- _Available records_
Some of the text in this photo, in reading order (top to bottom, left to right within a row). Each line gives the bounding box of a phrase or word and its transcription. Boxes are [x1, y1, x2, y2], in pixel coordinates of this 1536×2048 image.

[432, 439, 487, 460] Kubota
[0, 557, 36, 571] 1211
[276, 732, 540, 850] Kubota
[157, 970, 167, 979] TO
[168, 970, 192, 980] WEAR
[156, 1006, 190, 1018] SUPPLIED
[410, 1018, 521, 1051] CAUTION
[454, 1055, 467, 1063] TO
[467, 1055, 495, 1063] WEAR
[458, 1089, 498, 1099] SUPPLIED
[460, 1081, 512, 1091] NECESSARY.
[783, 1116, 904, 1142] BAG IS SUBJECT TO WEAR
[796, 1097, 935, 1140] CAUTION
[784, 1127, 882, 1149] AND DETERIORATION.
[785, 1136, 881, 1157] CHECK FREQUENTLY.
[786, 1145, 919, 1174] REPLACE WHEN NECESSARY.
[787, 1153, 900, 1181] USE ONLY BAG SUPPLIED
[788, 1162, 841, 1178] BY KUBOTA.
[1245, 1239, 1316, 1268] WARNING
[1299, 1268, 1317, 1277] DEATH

- _Exercise instructions_
Each and every record above needs writing out exactly.

- _Exercise result_
Some of the text in this photo, in reading order (top to bottom, left to right within a row). Each line gives the bounding box of a phrase or word and its transcription. Boxes are [x1, y1, x2, y2], in pixel coordinates of this 1536×2048 image.

[432, 439, 487, 460] Kubota
[0, 557, 36, 571] 1211
[276, 732, 540, 850] Kubota
[157, 970, 167, 979] TO
[168, 970, 192, 980] WEAR
[156, 1006, 190, 1018] SUPPLIED
[410, 1018, 521, 1051] CAUTION
[454, 1055, 467, 1063] TO
[467, 1055, 495, 1063] WEAR
[458, 1089, 498, 1099] SUPPLIED
[460, 1081, 512, 1091] NECESSARY.
[783, 1116, 904, 1142] BAG IS SUBJECT TO WEAR
[796, 1097, 935, 1140] CAUTION
[784, 1127, 882, 1149] AND DETERIORATION.
[785, 1136, 881, 1157] CHECK FREQUENTLY.
[786, 1145, 919, 1174] REPLACE WHEN NECESSARY.
[787, 1153, 900, 1181] USE ONLY BAG SUPPLIED
[788, 1162, 841, 1178] BY KUBOTA.
[1245, 1239, 1316, 1268] WARNING
[1299, 1268, 1317, 1277] DEATH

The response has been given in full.